=== Action item ===
From the data below, repeat everything exactly except the images.

=== Source material ===
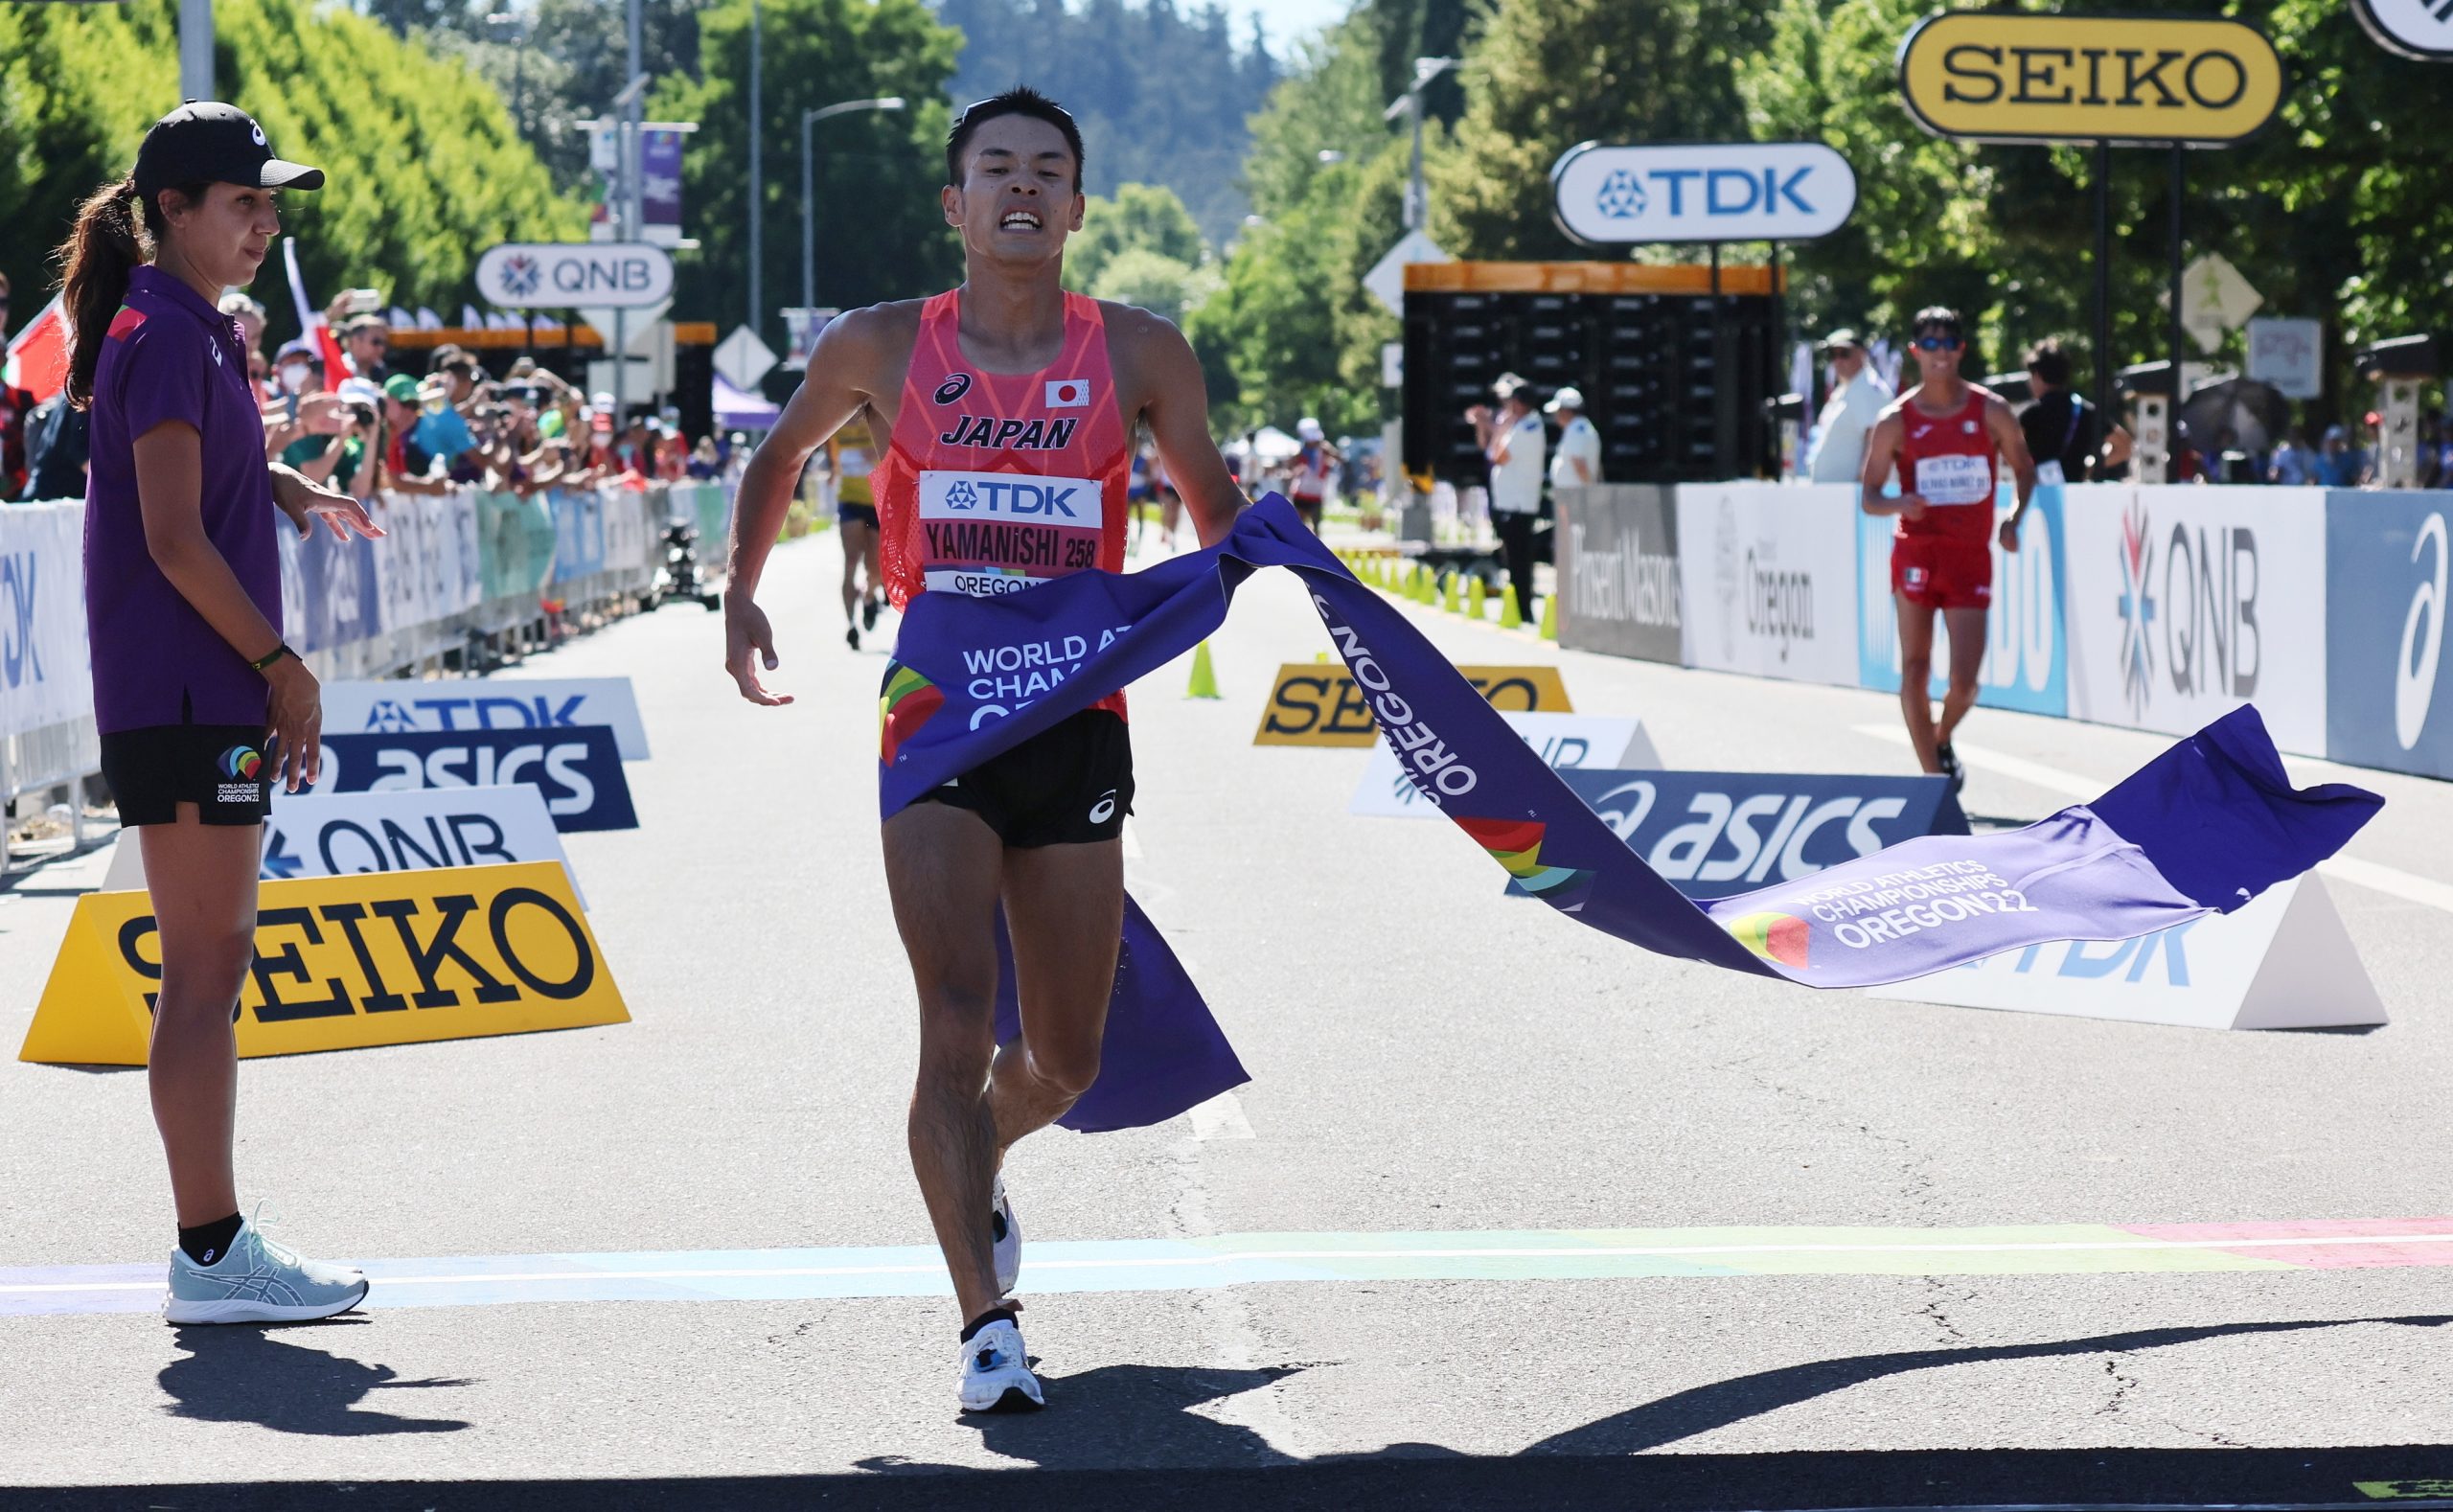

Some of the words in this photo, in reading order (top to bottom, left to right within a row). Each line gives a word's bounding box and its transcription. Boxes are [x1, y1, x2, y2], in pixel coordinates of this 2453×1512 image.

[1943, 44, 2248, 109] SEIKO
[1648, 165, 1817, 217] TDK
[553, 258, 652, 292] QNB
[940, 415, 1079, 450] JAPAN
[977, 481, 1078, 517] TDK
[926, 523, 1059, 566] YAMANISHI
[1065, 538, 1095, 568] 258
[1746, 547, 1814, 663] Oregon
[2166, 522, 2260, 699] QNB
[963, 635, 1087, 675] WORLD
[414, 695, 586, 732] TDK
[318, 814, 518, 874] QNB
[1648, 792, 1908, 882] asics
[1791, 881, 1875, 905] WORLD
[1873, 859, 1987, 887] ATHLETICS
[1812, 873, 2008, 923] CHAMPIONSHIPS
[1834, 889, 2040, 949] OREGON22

=== Exercise response ===
Some of the words in this photo, in reading order (top to bottom, left to right within a row). Each line gives a word's bounding box and its transcription. Boxes are [x1, y1, x2, y2], in pixel coordinates of this 2453×1512 image.

[1943, 44, 2248, 109] SEIKO
[1648, 165, 1817, 217] TDK
[553, 258, 652, 292] QNB
[940, 415, 1079, 450] JAPAN
[977, 481, 1078, 517] TDK
[926, 523, 1059, 566] YAMANISHI
[1065, 538, 1095, 568] 258
[1746, 547, 1814, 663] Oregon
[2166, 522, 2260, 699] QNB
[963, 635, 1087, 675] WORLD
[414, 695, 586, 732] TDK
[318, 814, 518, 874] QNB
[1648, 792, 1908, 882] asics
[1791, 881, 1875, 905] WORLD
[1873, 859, 1987, 887] ATHLETICS
[1812, 873, 2008, 923] CHAMPIONSHIPS
[1834, 889, 2040, 949] OREGON22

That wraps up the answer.